In 2011, at the height of the campaign against the Gillard government’s proposed means-testing of the private health insurance rebate, consultants Deloitte released a report with dire predictions for the future of the industry. It claimed the new legislation would lead to 2.8 million Australians dropping their private health insurance over the next five years, with 554,000 going in the first year alone.
Nine months after the implementation of the means test, the data is in. Were the fears founded?
First, some background. From July 1 last year the government’s changes to the private health insurance rebate came into effect. Singles earning over $84,000 (or double that for couples or families) were no longer eligible for the complete minimum 30% refund on health insurance premiums, and were instead divided into three tiers based on income.
Treasury estimated the change would have a minimal effect, with at most 25,000 customers dropping their policies (more than 12.5 million Australians currently have some form of private health cover). The insurance lobby claimed that any changes would have serious consequences for policy-holders and the industry in general. Their primary ammunition was this Deloitte report, based on an ANOP Research/Newspoll survey of 2000 households with private health insurance.
Its main finding was that means-testing would result in up to 2.8 million Australians dropping their general treatment insurance over the first five years. It also claimed 1.6 million would abandon their private hospital cover, and up to half of all policy-holders (around 5.7 million people) would downgrade their coverage.
The report also estimated that this mass departure would cause formerly private hospital patients to flood the public health system, costing the government an estimated $3.8 billion dollars. Queensland Health Minister Laurence Springborg said he anticipated Queensland’s hospitals would become increasingly overloaded.
Based on these figures, The Sydney Morning Herald wrote that the legislation would cause an “exodus” from private health insurance providers. The Australian quoted ANOP Research chairman Rod Cameron, who said “very significant percentages are going to drop or downgrade for hospital and even bigger numbers in terms of dropping … their extras cover”. Even a year after its release, News.com.au used the report in “Fear of mass exit from private health if rebate cut“.

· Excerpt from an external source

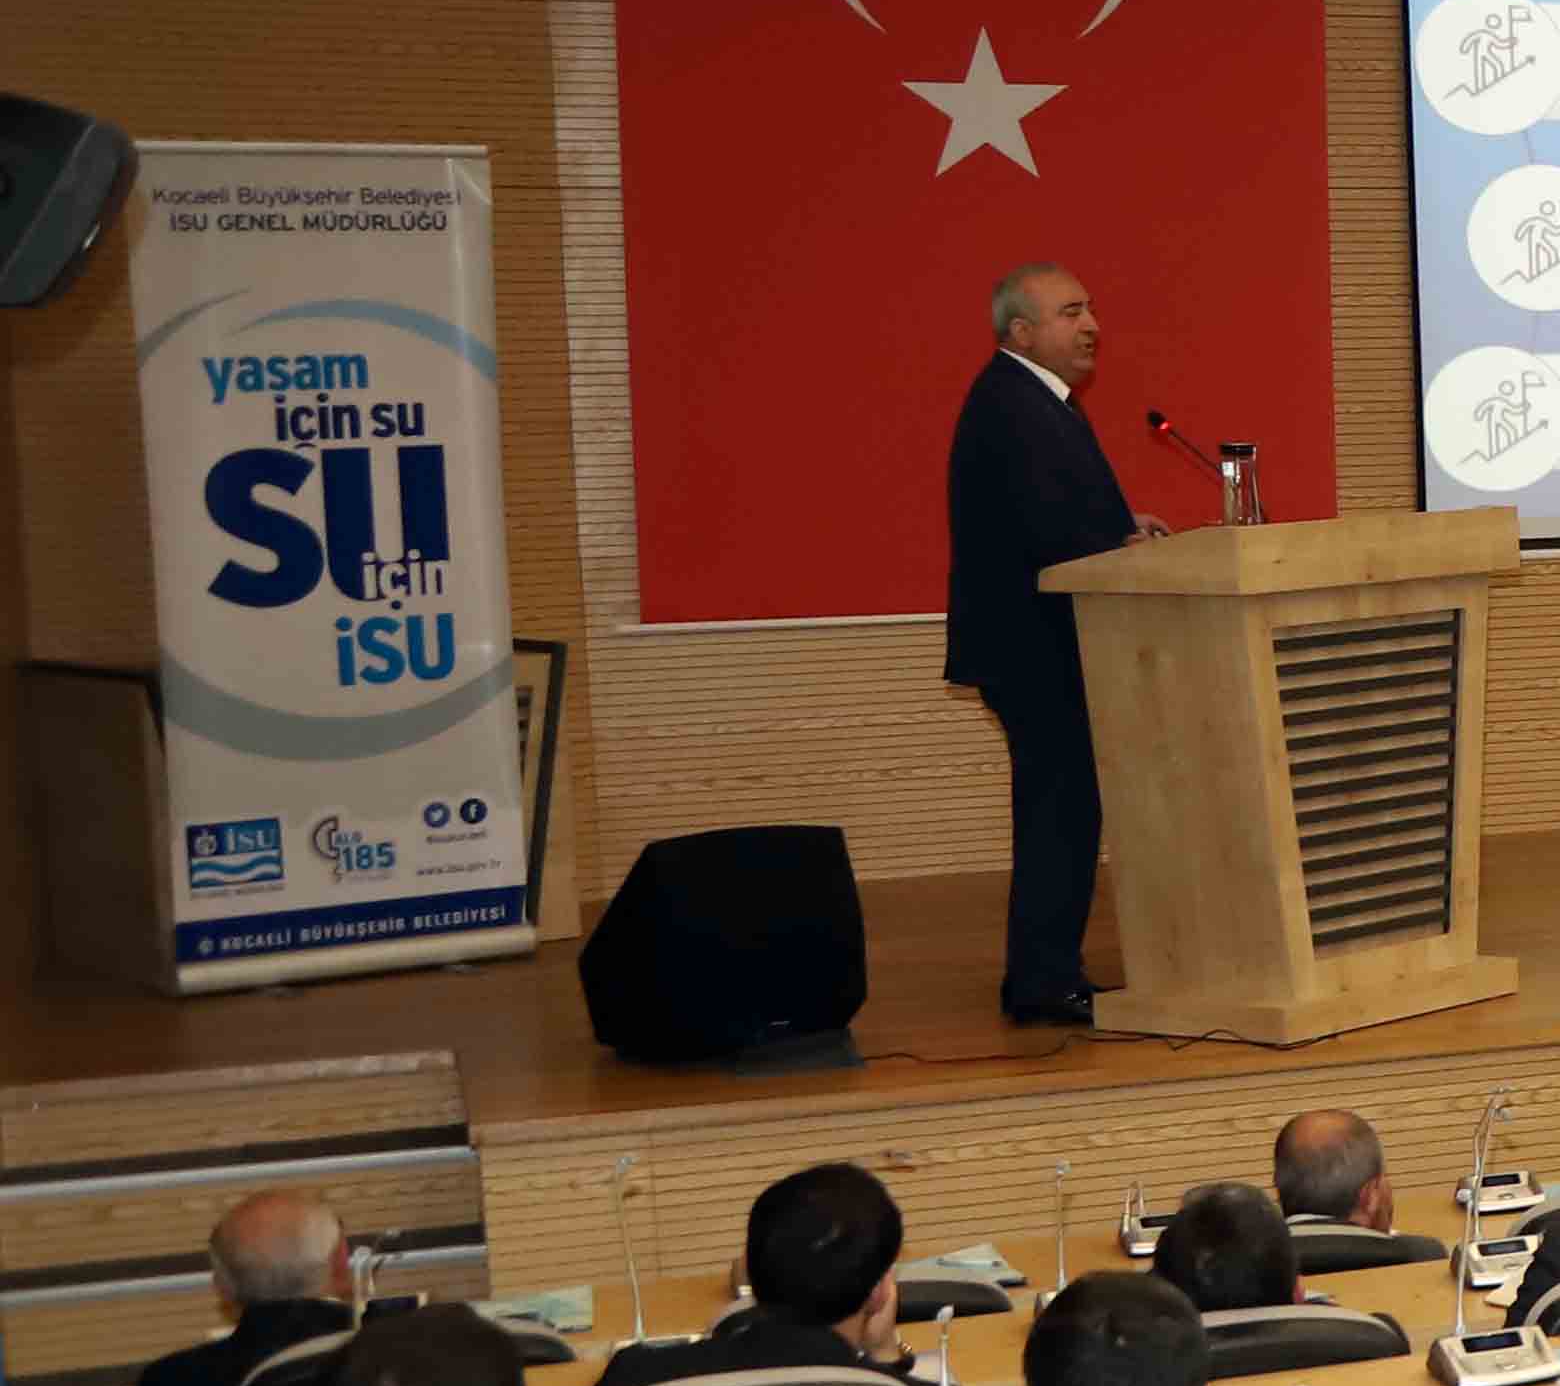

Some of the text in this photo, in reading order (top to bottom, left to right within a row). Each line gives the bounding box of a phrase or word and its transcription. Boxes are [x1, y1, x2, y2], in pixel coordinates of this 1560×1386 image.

But according to the Private Health Insurance Administrative Council, the real picture one year on is nothing like the prediction. In fact, it’s pretty much business as usual.
Rather than half a million people cancelling their general treatment policies, private health insurance providers have grown by 251,000 in the first three quarters of the year. Instead of 175,000 dropping their private hospital cover, a net 182,000 new people signed up.

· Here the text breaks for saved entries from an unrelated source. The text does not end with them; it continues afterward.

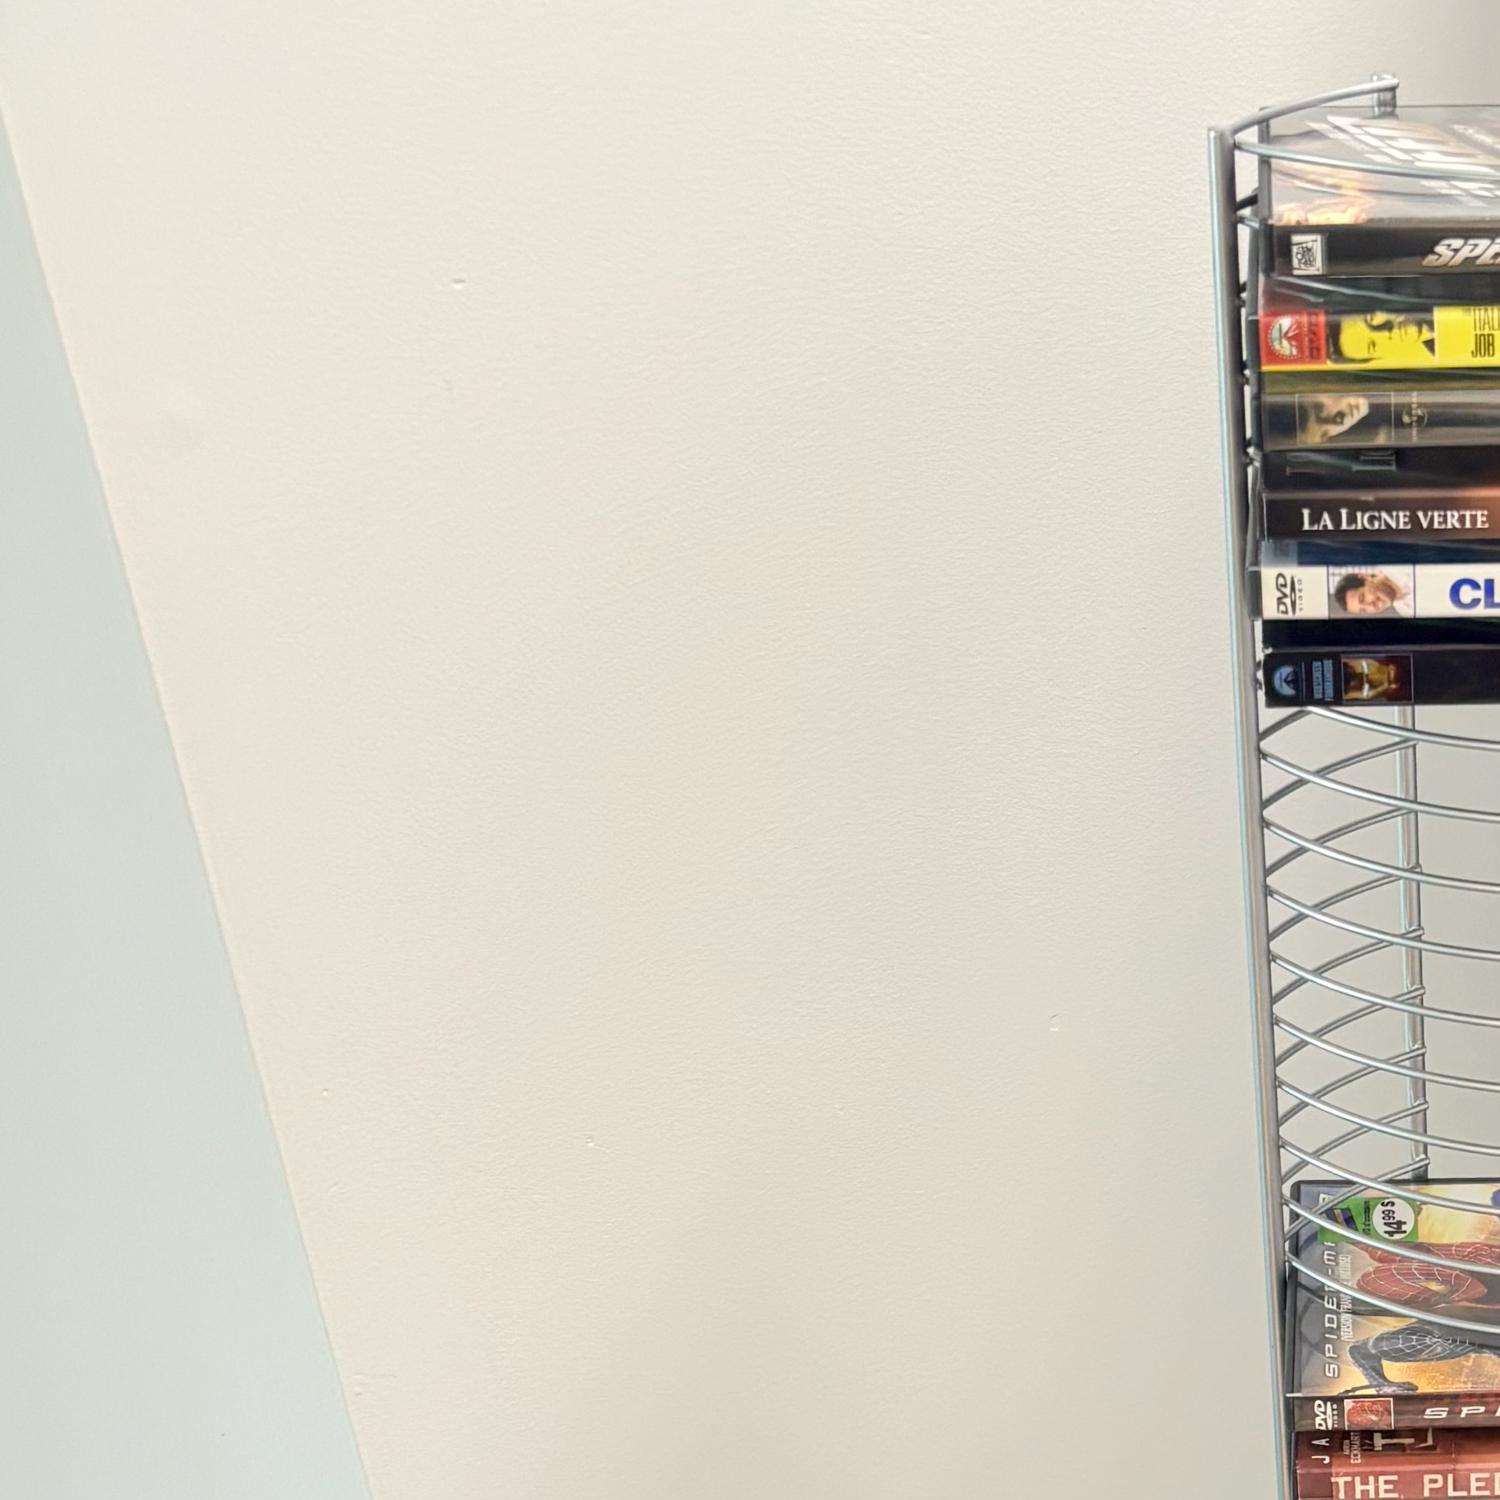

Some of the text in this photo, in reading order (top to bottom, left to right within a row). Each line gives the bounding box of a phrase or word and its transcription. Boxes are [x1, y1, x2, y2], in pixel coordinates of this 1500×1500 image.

[1471, 334, 1496, 358] JOB
[1302, 508, 1334, 530] LA
[1339, 506, 1412, 530] LIGNE
[1276, 572, 1289, 616] DVD
[1314, 1400, 1326, 1430] DVD
[1331, 1475, 1400, 1499] THE

Shaun Gath, CEO of the Private Health Insurance Administration Council, says despite the changes to the rebate it’s business as usual in the health insurance sector. “We never accepted that [Deloitte’s figures] were likely to be the case,” he told Crikey. “The growth has been normal to a little bit better than normal. We like that rate of growth; it’s good but not fast enough to put pressure on the system.”
With the number of Australians in private health insurance growing steadily, predictions of a rush on public-funded hospitals are unlikely to eventuate. The number of Queenslanders with private health insurance grew by 51,000 over the last nine months.
The report’s final prediction of Australians downgrading their health insurance is more difficult to test. Given its complicated nature, what would or would not be considered a “downgrade” is subjective. PHIAC doesn’t have any statistics on the subject and Gath considers the matter a “judgement call”.
“One man’s downgrading is another man’s rational consumer choice,” he said. “People are entitled to move their type of cover up and down over their lives. It’s not a sort of language that I want to embrace. It seems to denigrate the choices of consumers.”
Deloitte and Private Healthcare Australia were contacted for this piece but weren’t able to respond by deadline. Regardless, we’re rating this one a load of rubbish.